[RFC] Enable ATOM as vLLM out-of-tree Platform #201
Description
Motivation
ATOM is a foundational component of AMD’s AI inference strategy. It can be used to serve as the out-of-tree plugin platform of vLLM for high-performance inference on AMD GPUs. It is built by integrating optimizations from ROCm’s high-performance operator library aiter and high-performance communication library mori into model execution path.
The key motivation of enabling ATOM as a out-of-tree plugin platform of vLLM is to speedup the velocity and efficiency of the ATOM iteration. The ATOM plugin platform can reuse almost all of the vLLM features and integrate the high-optimized model implementations into vLLM with the latest kernels and fusions. It can help ATOM focus more on the model-level and kernel-level optimizations.
It is more important that our intent is still prioritizing in-tree native operator integration in vLLM, along with sustained upstream contributions. ATOM platform is working as the incubator of the optimizations. When those optimizations are getting mature, they will be upstreamed immediately.
Background
ATOM can deliver performance gains through following points with ROCm components:
- Cross-layer / cross-module fusion opportunities (spanning layer boundaries)
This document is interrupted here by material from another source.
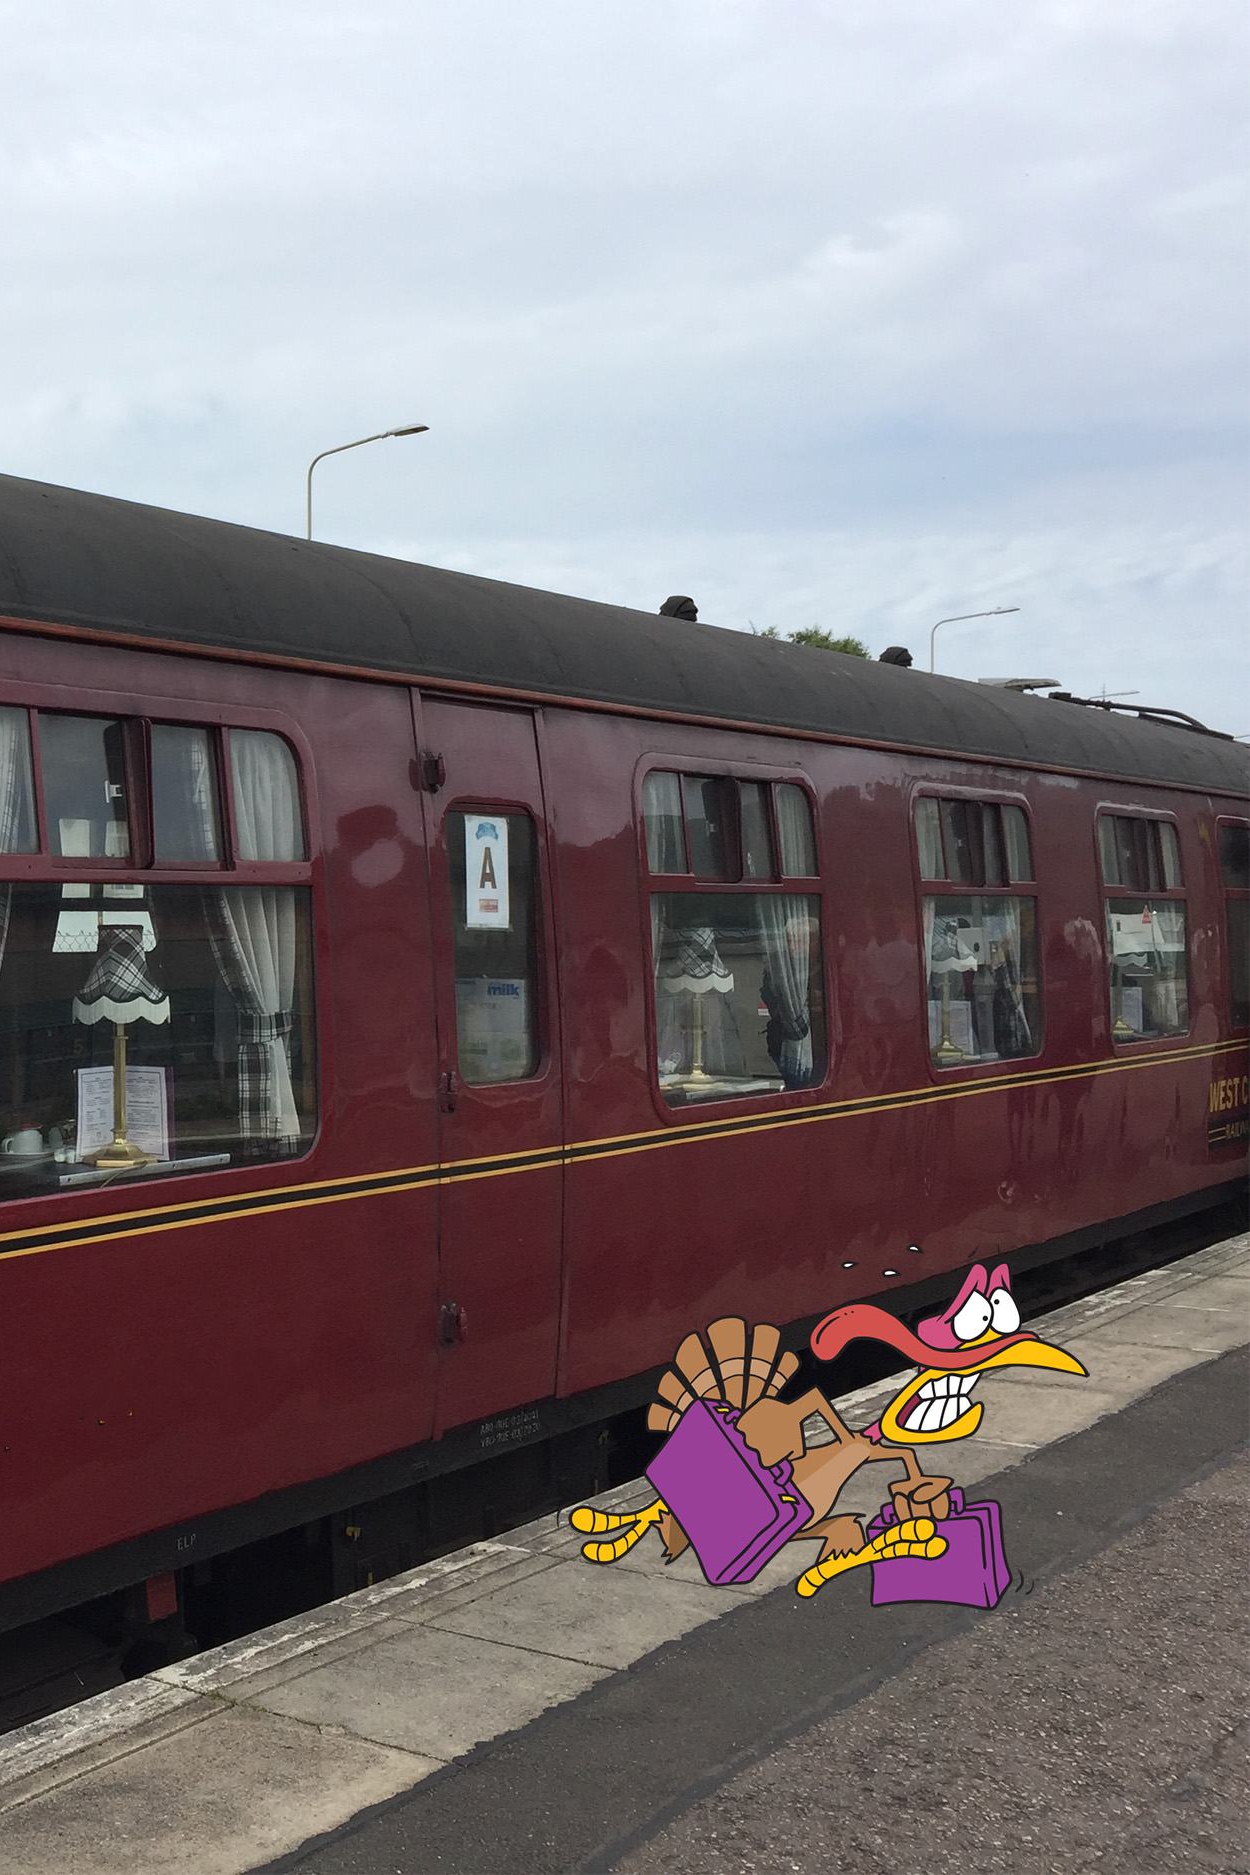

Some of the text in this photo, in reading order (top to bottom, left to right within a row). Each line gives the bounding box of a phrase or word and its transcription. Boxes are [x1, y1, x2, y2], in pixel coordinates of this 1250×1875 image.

[479, 846, 498, 889] A
[487, 983, 520, 997] milk
[1209, 1077, 1240, 1112] WEST
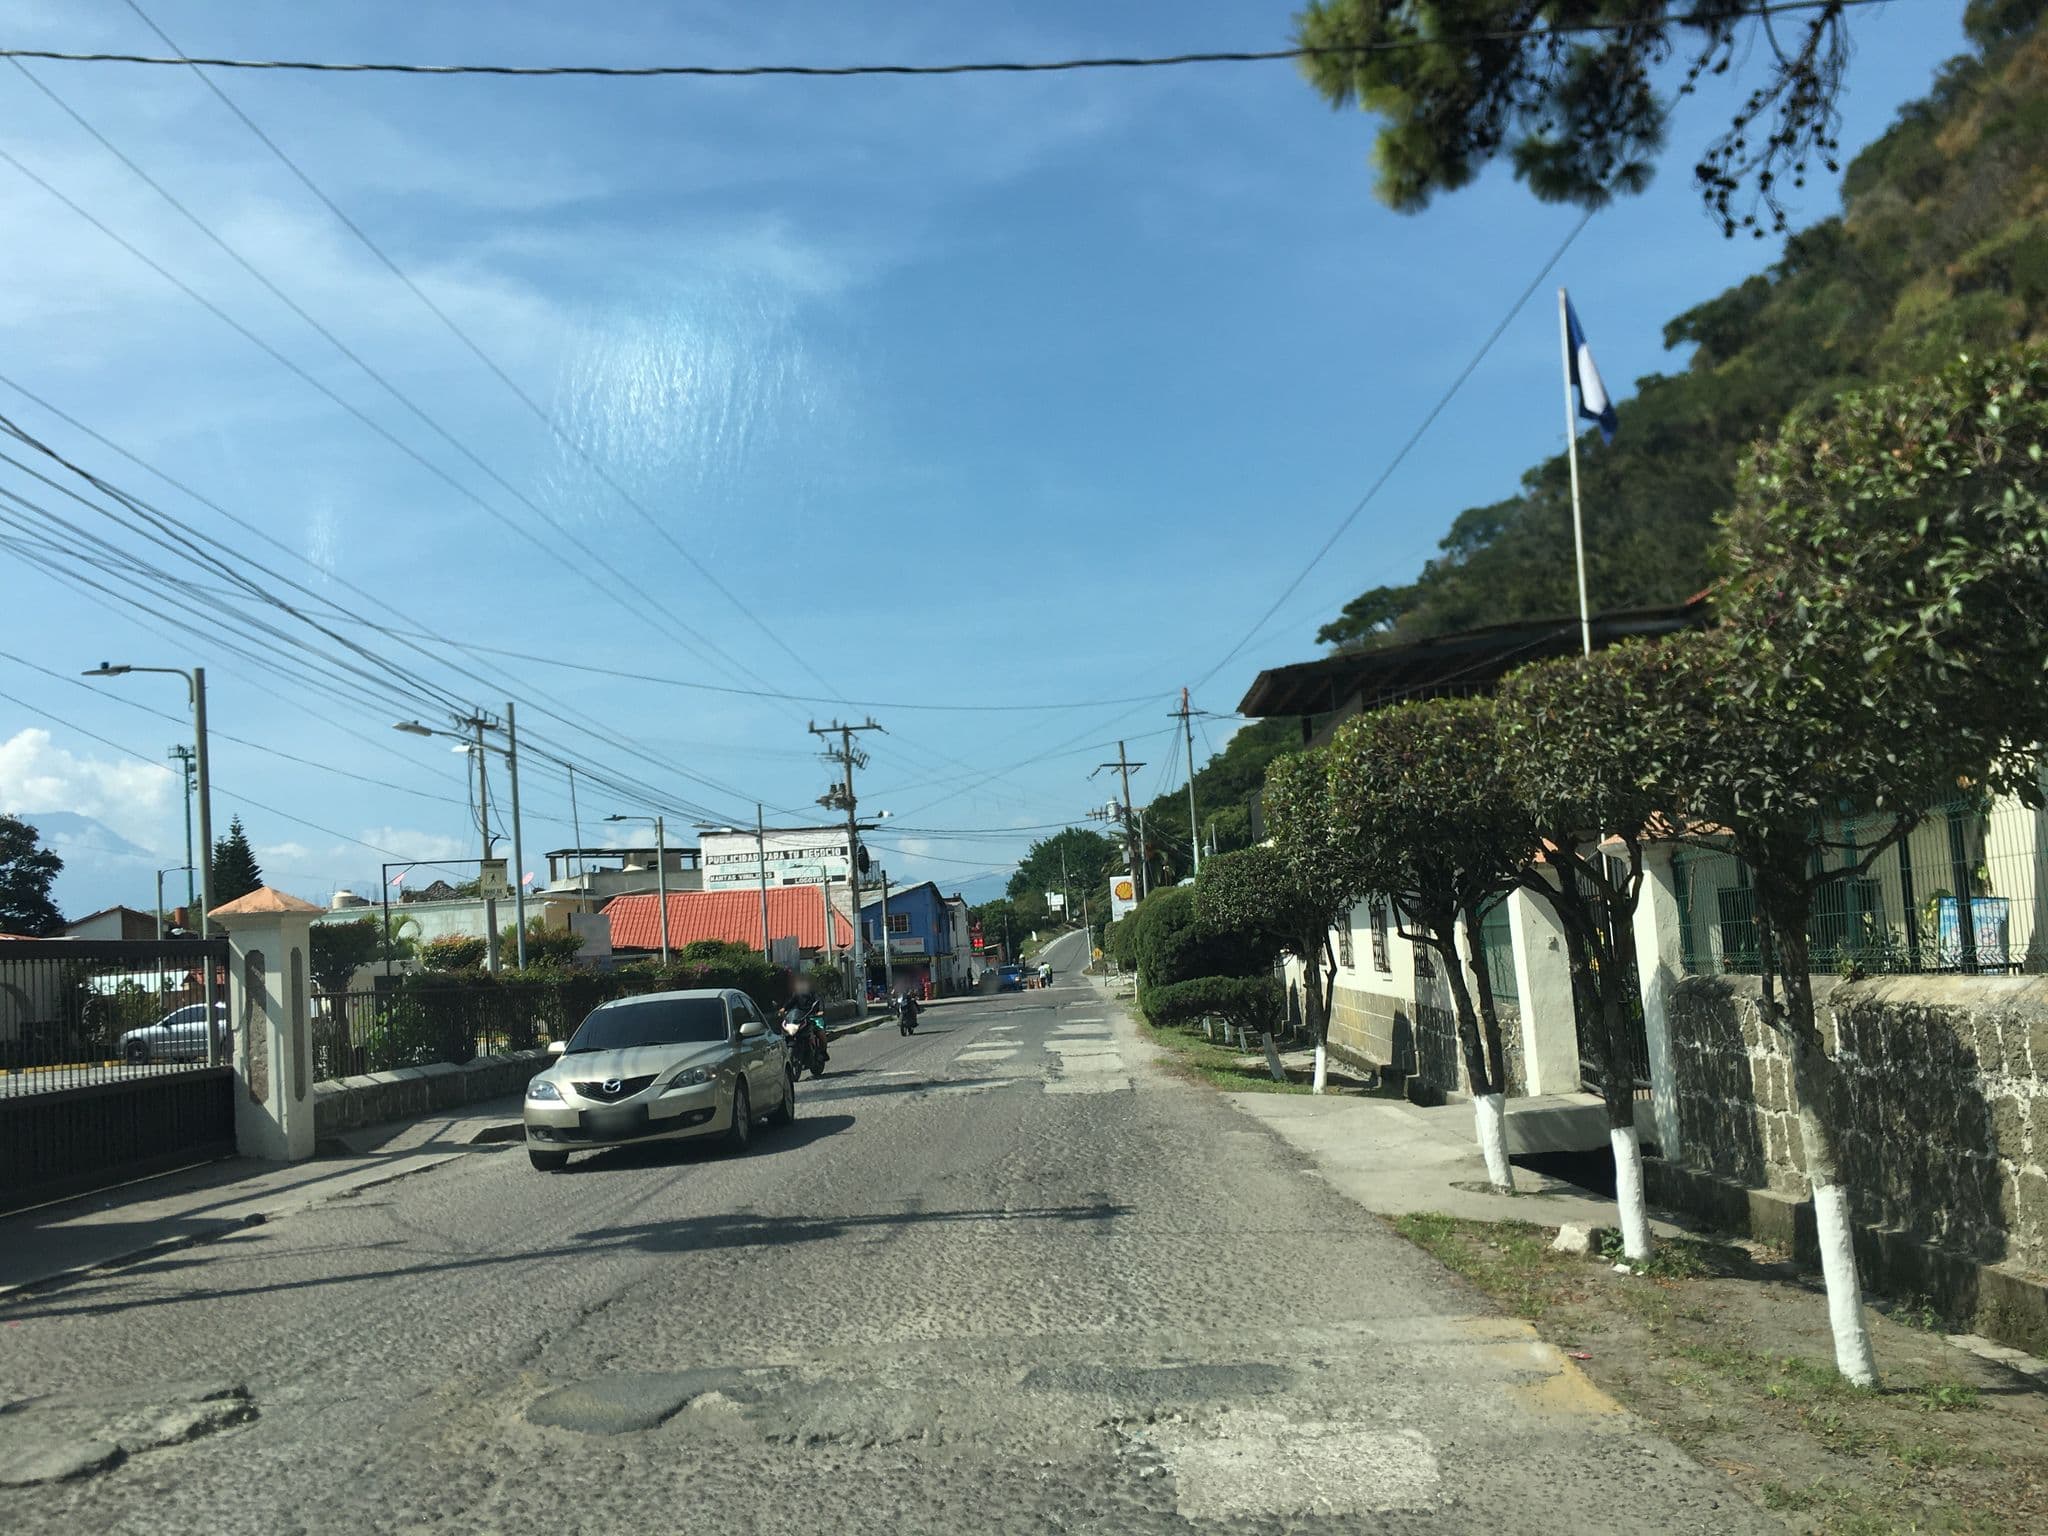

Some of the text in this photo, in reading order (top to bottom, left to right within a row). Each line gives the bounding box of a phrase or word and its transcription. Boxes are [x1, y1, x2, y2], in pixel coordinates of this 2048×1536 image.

- Specific KV Cache layout required by kernel
- New optimized ops and kernel implementations tailored for AMD GPU characteristics
- Communication and runtime optimizations
While ATOM primarily focuses on model-level and kernel-level optimizations, it is designed to integrate with and leverage the high-level framework features. Meanwhile vLLM is most popular framework, where many features are developed and many hardware devices are supported. Additionally, vLLM has mature plugin extension mechanism and lots of accelerators can use this mechanism to work as the OOT plugin platform. Given above points, ATOM plans to work as the OOT plugin platform of vLLM.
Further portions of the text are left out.